La morte del calcio italiano
Venerdì Santo. Tre giorni fa la disfatta dell’Italia, superata dalla Bosnia ai calci di rigori dopo i tempi supplementari. La mancata qualificazione ai Mondiali, per la terza volta consecutiva, ha fugato ogni dubbio sul valore reale della nazionale: una squadra che non può più competere con le Grandi. Che fa fatica con quelle di medio livello, rischiando di perdere anche prima dei supplementari. Nella ricerca dei veri responsabili del declino del calcio italiano, l’unica certezza è la sua scomparsa. E ora se ne sta celebrando il funerale.

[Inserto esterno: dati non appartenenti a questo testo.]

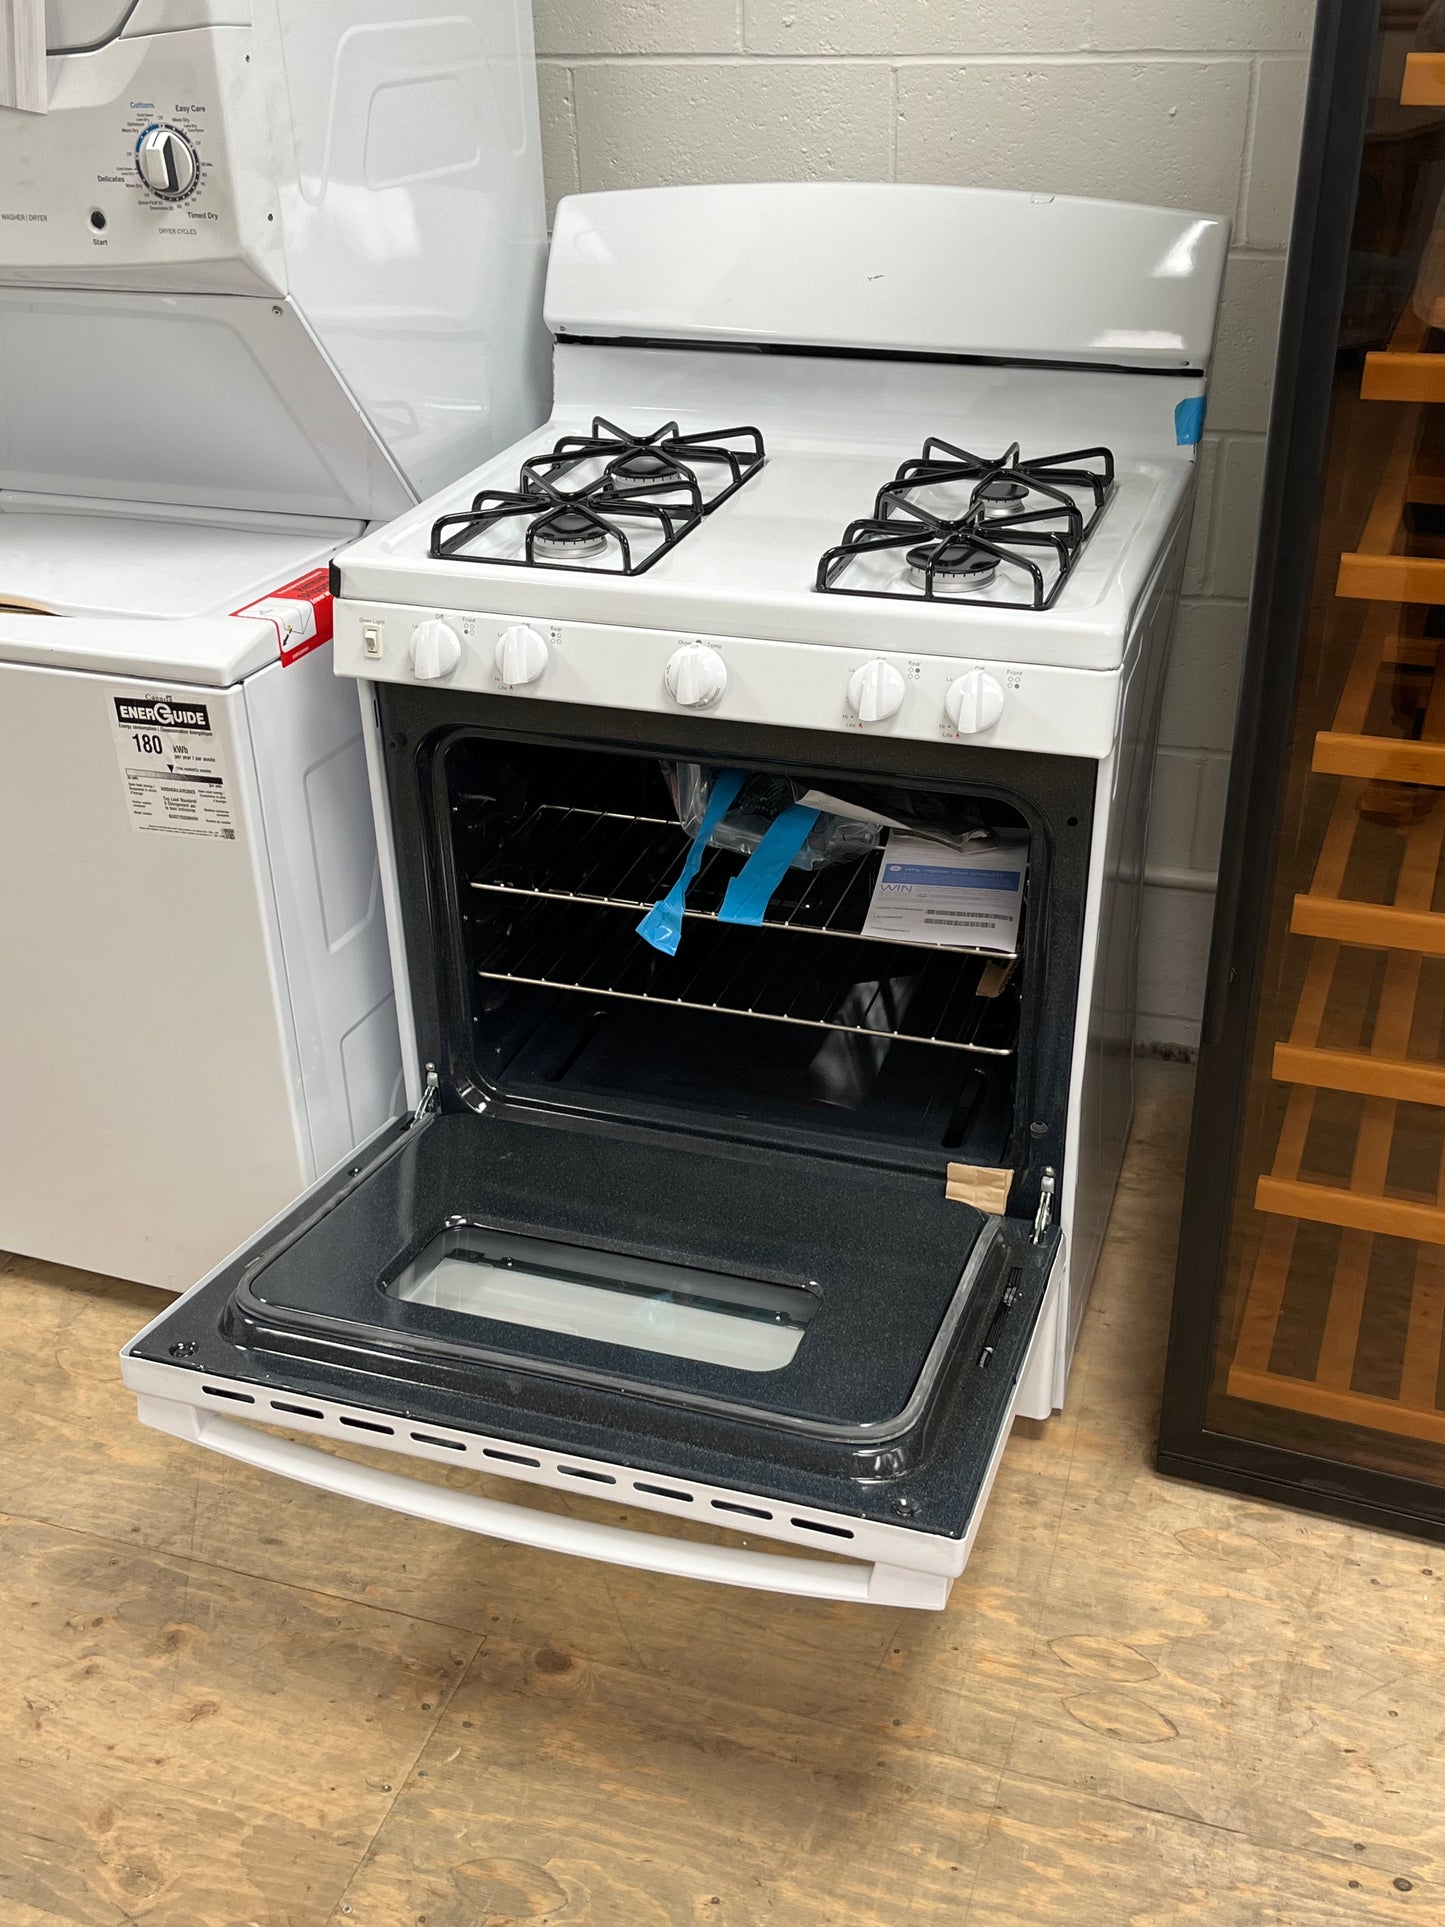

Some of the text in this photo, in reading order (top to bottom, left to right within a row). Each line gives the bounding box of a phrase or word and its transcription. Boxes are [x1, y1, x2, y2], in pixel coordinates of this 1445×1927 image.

[120, 703, 206, 725] ENERGUIDE
[132, 734, 163, 754] 180
[173, 745, 189, 754] kWh
[881, 884, 912, 892] WIN

Restare positivi è un obbligo morale. Verrà Pasqua. Ma non tra due giorni. Nemmeno tra due anni: la ricostruzione è un processo lento che richiede tempo, cura e pazienza, i cui effetti benefici possono essere anche immediati.
Come risollevare il calcio italiano
Partendo dal presupposto che il talento non manca (lo dimostrano i successi della nazionale a livello giovanile), lo stesso va formato, valorizzato e utilizzato. Cosa fare? Bisognerebbe investire seriamente nei centri di formazione. E soprattutto dare più spazio ai giovani in serie A. Ovvero privilegiarli rispetto agli stranieri mediocri. Per farlo, ci vuole coraggio. E incentivi economici a chi li fa giocare. L’auspicio è che il proposito di rifondare il calcio italiano, o quantomeno di metterci mano, non resti lettera morta, come accaduto negli ultimi dodici anni. La forte ondata di indignazione suscitata dall’ultima catastrofe lascia presagire che necessariamente qualcosa accadrà.
Sul campo di gioco
L’aspetto psicologico è certamente importante nella ricerca del risultato. Occorre creare una nuova mentalità: essere positivi, e non scendere in campo impauriti temendo l’ambiente e l’avversario. Occorre creare una nuova identità, che con Roberto Mancini sembrava fosse nata. L’Italia deve decidere se essere una squadra difensiva oppure moderna. Mancini, trionfatore a Wembley, aveva tracciato la strada. Andando a rompere con la tradizione recente dell’Italia: la sua squadra voleva controllare la partita, e non subirla. Cercava di imporre il proprio gioco anziché essere attendista. C’è allora da interrogarsi sul motivo per il quale quella nazionale non ha avuto continuità. Al punto che il sistema di gioco si è fatto prevedibile, e contro squadre chiuse si sono incontrate difficoltà.
La magia del pallone
Lontani sono i tempi nei quali il calcio italiano veniva preso a modello dalle altre emergenti realtà. Lo sanno bene gli italiani, che negli ultimi anni hanno potuto gioire grazie a quelle discipline che un tempo venivano definite sport minori. Pensiamo alle imprese di Jannik Sinner in particolare. Ai trionfi della nazionale maschile di pallavolo e di quella femminile. I tarantini si sono emozionati con Benedetta Pilato e con la karateka Silvia Semeraro, atlete di livello mondiale. Il calcio, però, resta lo sport più seguito e più amato, capace di chiamare a raccolta milioni di persone. Tanti avrebbero seguito le partite del Mondiale regalandosi momenti di condivisione questa estate. Proprio questa dimensione va recuperata: da quando si sono anteposti gli interessi economici, il sistema si è fatto marcio. E cambiare allenatore ormai non basta.